Regarding the language in RFC3875, if you are using lighttpd with AF_UNIX sockets, and you need a valid REMOTE_ADDR, you are probably proxying, and so you can use mod_extforward to have lighttpd update con->dst_addr_buf to the actual remote address, leading to an IP address in REMOTE_ADDR for your CGI.
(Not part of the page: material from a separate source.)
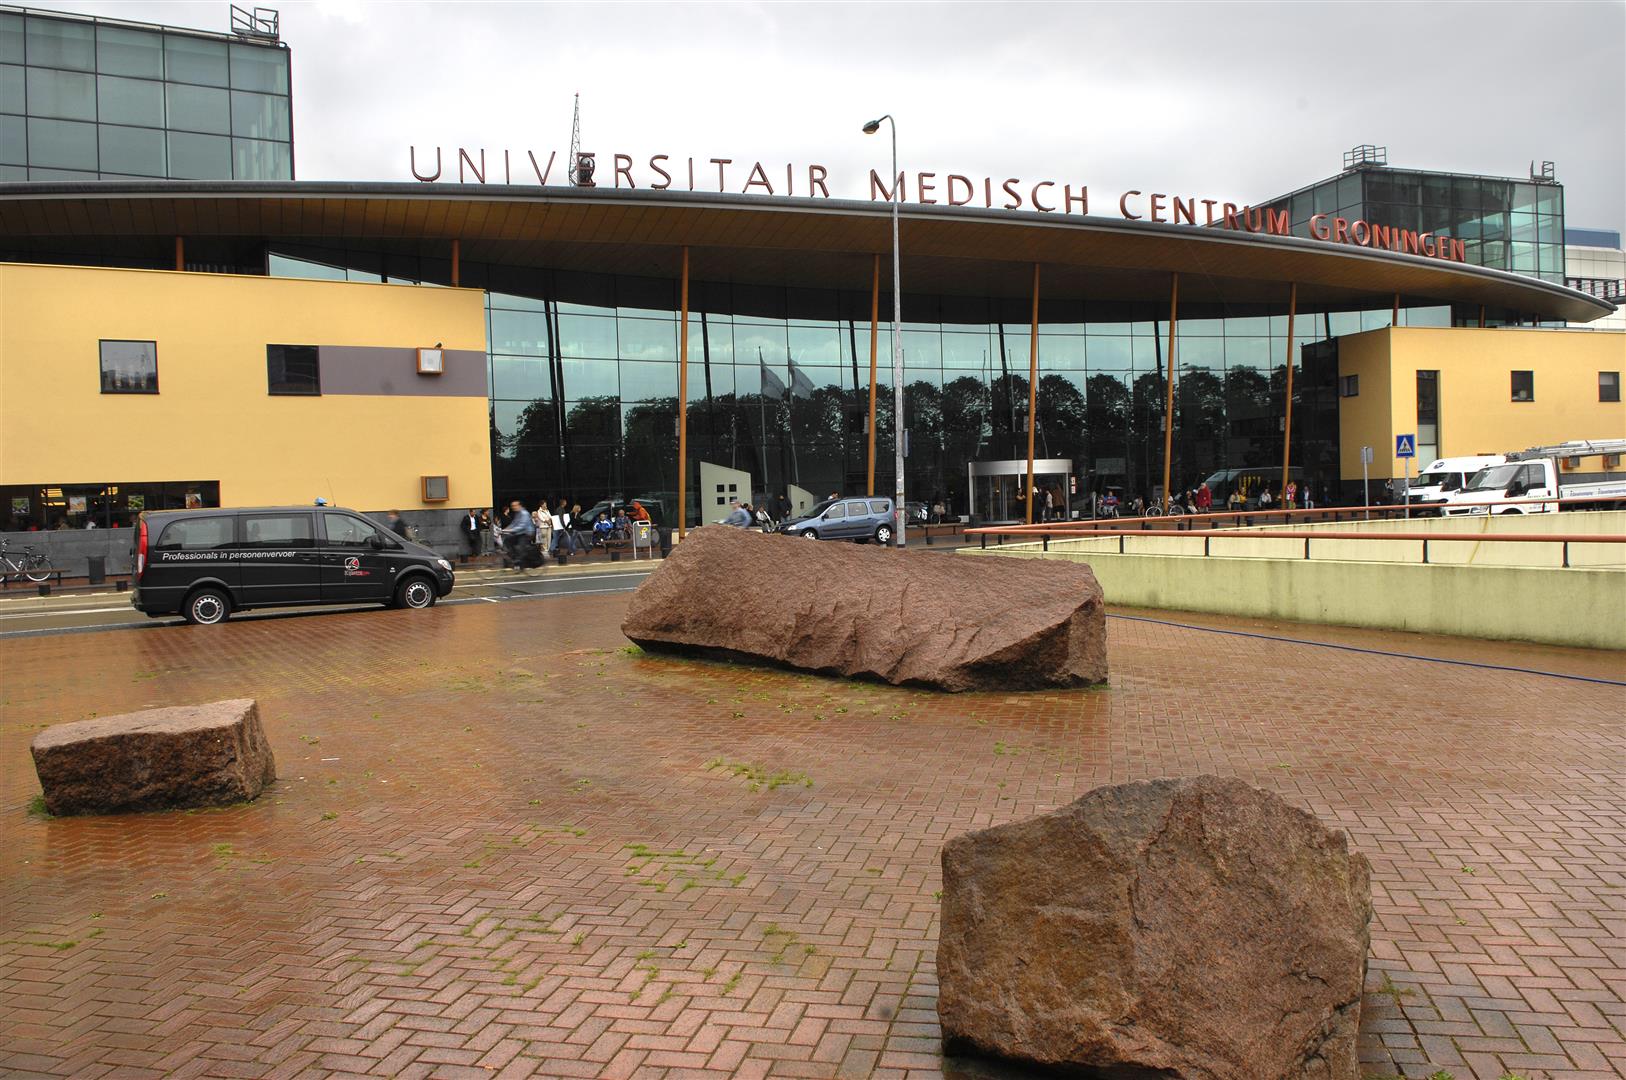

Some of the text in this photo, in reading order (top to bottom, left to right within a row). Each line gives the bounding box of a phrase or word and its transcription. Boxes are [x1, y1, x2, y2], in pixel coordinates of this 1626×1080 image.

[410, 146, 1465, 262] UNIVERSITAIR MEDISCH CENTRUM GRONINGEN
[162, 551, 296, 561] Professionals in personenvervoer
--- a/src/inet_ntop_cache.c
+++ b/src/inet_ntop_cache.c
@@ -474,6 +474,9 @@ const char * inet_ntop_cache_get_ip(server *srv, sock_addr *addr) {

        int i;
        UNUSED(srv);
+      #ifdef HAVE_SYS_UN_H
+       if (addr->plain.sa_family == AF_UNIX) return addr->un.sun_path;
+      #endif
        for (i = 0; i < INET_NTOP_CACHE_MAX; i++) {
                if (inet_ntop_cache[i].family == addr->plain.sa_family) {
                        if (inet_ntop_cache[i].family == AF_INET6 &&
@@ -515,6 +518,9 @@ const char * inet_ntop_cache_get_ip(server *srv, sock_addr *addr) {
        return inet_ntop_cache[i].b2;
 #else
        UNUSED(srv);
+      #ifdef HAVE_SYS_UN_H
+       if (addr->plain.sa_family == AF_UNIX) return addr->un.sun_path;
+      #endif
        return inet_ntoa(addr->ipv4.sin_addr);
 #endif
 }

gstrauss wrote:

Do you think this is still an issue in lighttpd git master? CGI gets REMOTE_ADDR from con->dst_addr_buf, which will be "" for AF_UNIX with current behavior of inet_ntop_cache_get_ip().

That would work fine for our purposes. We just need a way to identify a request that was forwarded from our proxy.
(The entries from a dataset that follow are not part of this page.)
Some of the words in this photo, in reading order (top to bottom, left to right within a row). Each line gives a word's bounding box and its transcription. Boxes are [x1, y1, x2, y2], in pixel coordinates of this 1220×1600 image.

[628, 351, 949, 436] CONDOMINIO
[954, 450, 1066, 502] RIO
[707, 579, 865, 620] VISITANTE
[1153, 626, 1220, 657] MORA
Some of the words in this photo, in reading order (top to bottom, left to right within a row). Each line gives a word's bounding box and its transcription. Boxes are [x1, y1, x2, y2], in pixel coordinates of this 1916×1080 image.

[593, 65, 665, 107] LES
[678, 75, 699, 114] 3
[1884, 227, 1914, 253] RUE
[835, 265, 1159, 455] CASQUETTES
Maybe sun_path should be returned for AF_UNIX (as you first suggested), since con->dst_addr_buf is used in many places, not just for the CGI environment.

I tried that but sun_path doesn't (usually) have a valid path so you get garbage there.

Regarding the language in RFC3875, if you are using lighttpd with AF_UNIX sockets, and you need a valid REMOTE_ADDR, you are probably proxying, and so you can use mod_extforward to have lighttpd update con->dst_addr_buf to the actual remote address, leading to an IP address in REMOTE_ADDR for your CGI.

In our case, we just need to know whether the request come from our proxy (running on the same machine) or directly via LAN/WAN. We don't care about the IP address of where the request originated.

I tried that but sun_path doesn't (usually) have a valid path so you get garbage there.

What operating system? With the patch above, con->dst_addr_buf should contain the value obtained from the (sockaddr *) filled in by accept() or accept4() or paccept(), as long as you're testing with lighttpd git master.

In our case, we just need to know whether the request come from our proxy (running on the same machine) or directly via LAN/WAN. We don't care about the IP address of where the request originated.

For this specific need, you can use mod_setenv to set an environment variable of your choosing within the $SERVER["socket"] condition in your lighttpd config.

gstrauss wrote:

In our case, we just need to know whether the request come from our proxy (running on the same machine) or directly via LAN/WAN. We don't care about the IP address of where the request originated.

For this specific need, you can use mod_setenv to set an environment variable of your choosing within the $SERVER["socket"] condition in your lighttpd config.

Oh, I wasn't aware of that possibility. It seems to work great and is probably a more reliably solution as well. Thanks for the suggestion!